Over the past 3 months I have completed a rewrite which converted our application backend from a SQL Server to MongoDB. This is quite a shift in design and thinking. In many ways I was forced to rethink my approach to data storage after many years of SQL Server development. In this series, I will explore my thoughts on the subject.
Why the hell doesn’t Mongo have joins?
Joins are a construct that is essentially native to relational databases. Relational databases represent data in 2 dimensional tables (with some exceptions such as XML field support).
On the other hand Mongo is a document data, which supports rich hierarchical data structures. This allows you to embed related data in a single document which can be retrieved in single request. There is no need for a join operation if you are thoughtful about how your document is structured in storage.
How do I get started?
First, spend time understanding your query patterns. Think about how your application accesses data. If you are building a web application, often times your data access patterns mimic the pages in your application. In Mongo terms, this would mean that each page (or entity) is a collection in Mongo. You will then have documents created as instances of the page (or entity).

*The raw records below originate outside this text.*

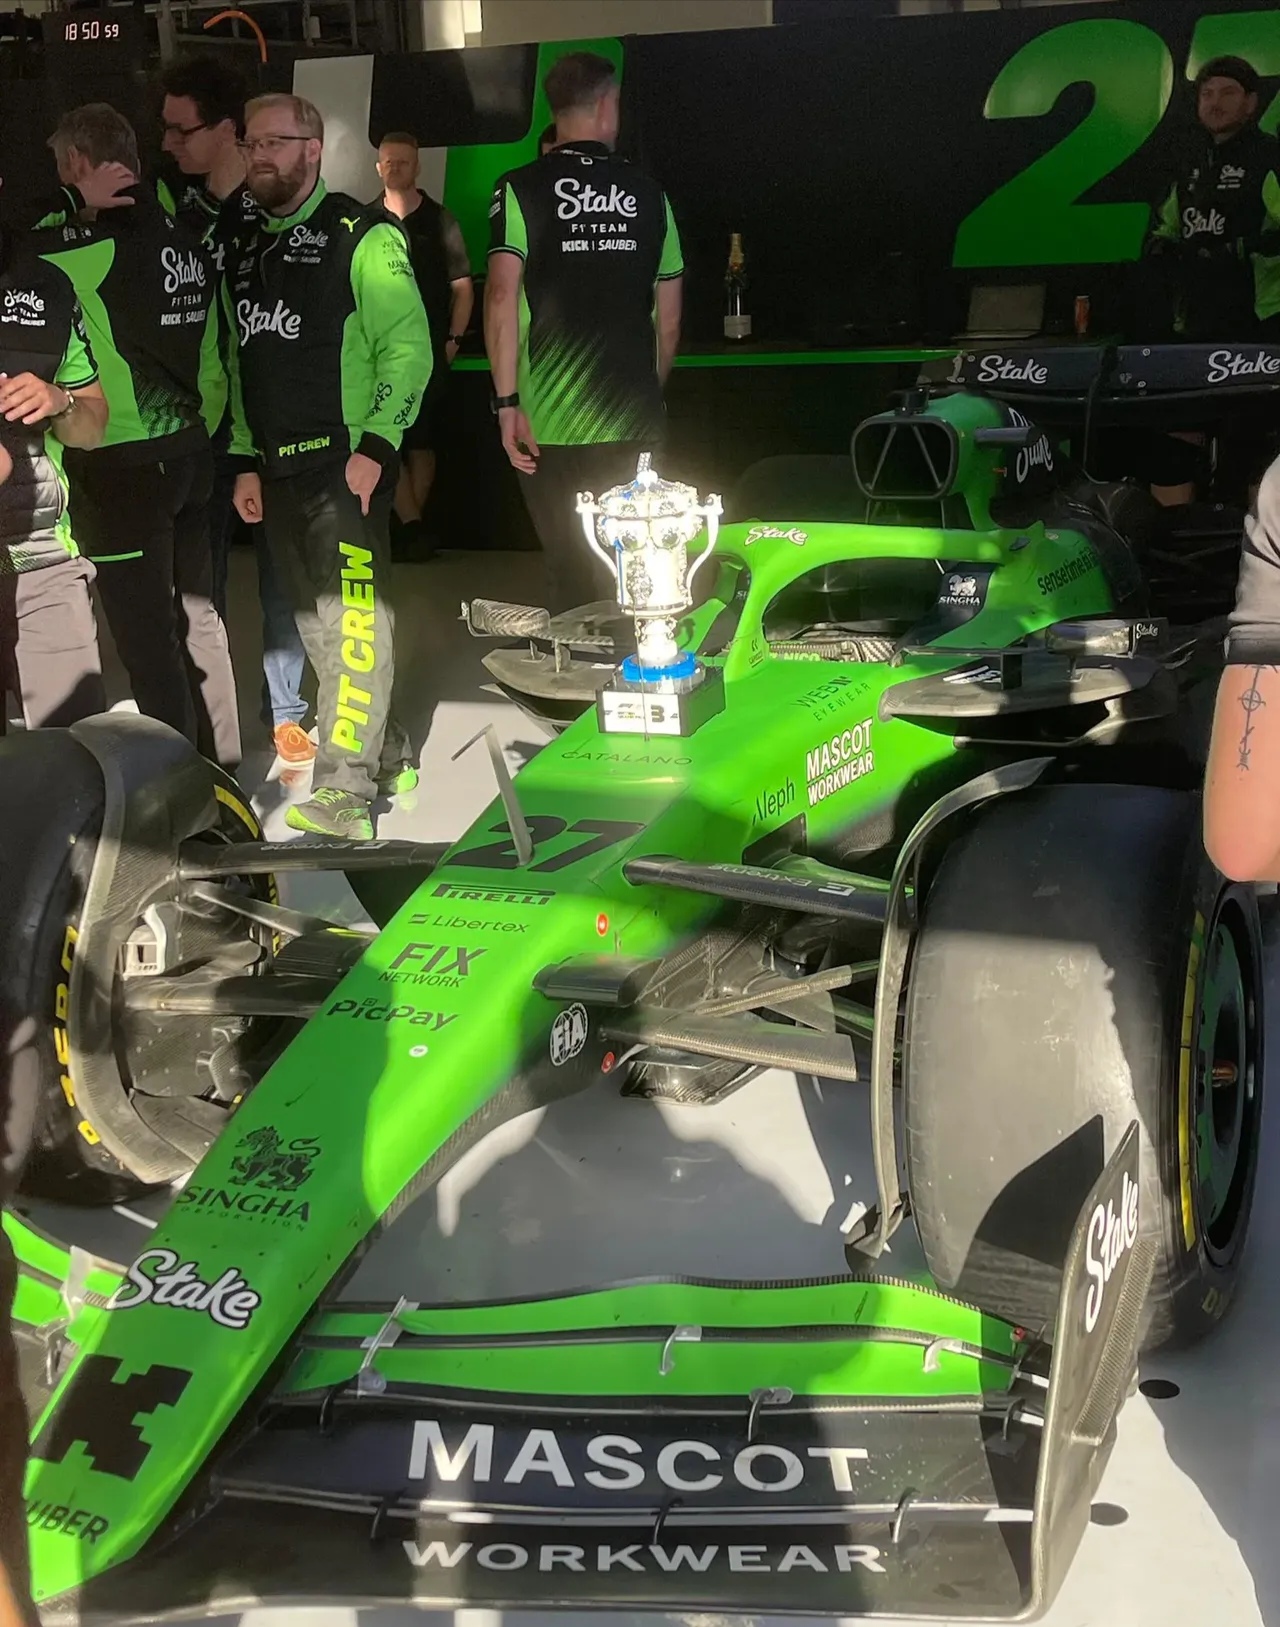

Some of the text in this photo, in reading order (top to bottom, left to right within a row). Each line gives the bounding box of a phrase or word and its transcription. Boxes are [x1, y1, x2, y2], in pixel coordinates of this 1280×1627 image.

[65, 21, 119, 40] 18 50 59
[554, 177, 638, 220] Stake
[288, 225, 329, 247] Stake
[571, 223, 628, 233] F1 TEAM
[1182, 207, 1226, 239] Stake
[561, 239, 638, 252] KICK SAUBER
[161, 246, 206, 293] Stake
[161, 312, 181, 326] KICK
[236, 298, 302, 347] Stake
[977, 354, 1049, 385] Stake
[1207, 350, 1280, 384] Stake
[393, 392, 416, 426] Stake
[278, 436, 331, 457] PIT CREW
[744, 525, 808, 546] Stake
[939, 595, 981, 606] SINGHA
[331, 541, 376, 754] PIT CREW
[1135, 623, 1159, 640] Stake
[650, 704, 666, 723] 3
[813, 682, 871, 722] EYEWEAR
[561, 751, 693, 765] CATALANO
[806, 716, 874, 784] MASCOT
[806, 750, 875, 808] WORKWEAR
[443, 815, 648, 873] 27
[431, 883, 557, 905] PIRELLI
[432, 915, 530, 933] Libertex
[388, 942, 488, 976] FIX
[378, 970, 466, 988] NETWORK
[326, 998, 461, 1032] PicPay
[176, 1185, 310, 1223] SINGHA
[1085, 1171, 1139, 1334] Stake
[106, 1247, 262, 1330] Stake
[407, 1418, 869, 1493] MASCOT
[402, 1539, 888, 1574] WORKWEAR

I made a list of the most common queries in our application, then listed out the full dataset required for each query. I was surprised to find that the number of joins required for common queries was huge. This is definitely an indication that I had over normalized the data structures which was leading to performance bottlenecks.
Almost always embed
Embedding relational data has been our primary means of data access. After understanding the usage patterns, I was able to construct a primary document containing the necessary relational attributes. These is stored at a document save point in the application. Later when the document is retrieved, the necessary relational attributes are available in the document, avoiding joins.

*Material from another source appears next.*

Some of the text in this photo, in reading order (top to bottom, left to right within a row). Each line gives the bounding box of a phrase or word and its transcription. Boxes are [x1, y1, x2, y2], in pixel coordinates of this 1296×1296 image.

Rarely, we have resorted to application level joins. This is a separate query issued by the application to retrieve a related document. Of course this comes with additional overhead but in rare cases it is unavoidable. I would recommend keeping track of these queries in your application for later review. Think hard about why each application join is necessary and any options you have to avoid them.

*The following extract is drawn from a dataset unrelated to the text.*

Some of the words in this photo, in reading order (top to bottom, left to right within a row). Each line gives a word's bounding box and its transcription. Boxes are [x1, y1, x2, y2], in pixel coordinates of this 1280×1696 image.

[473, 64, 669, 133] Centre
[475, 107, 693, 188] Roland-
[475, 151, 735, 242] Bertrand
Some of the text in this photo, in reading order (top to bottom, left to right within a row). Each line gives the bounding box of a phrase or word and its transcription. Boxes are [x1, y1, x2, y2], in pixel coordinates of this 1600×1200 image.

The key is to think about optimizing for read operations. There may be exceptions such as application with heavy transactional loads. For most applications, read operations suffer because the SQL backend is normalized. Normalization optimized for writes because you can write a row and have all queries receive that update instantly. But for our application, normalization was the enemy. We simply have don’t need relational data updated immediately. We can rely on eventual consistency across our relationships.
I have learned that the absence of joins actually helps to force me to think about data access in different ways. Since our application is primarily a directory, read operations far out paced write operations. By avoiding expensive joins for each page load, performance is greatly enhanced. Retrieving data is streamlined because we have previously stored a denormalized document containing all necessary data for any given page load.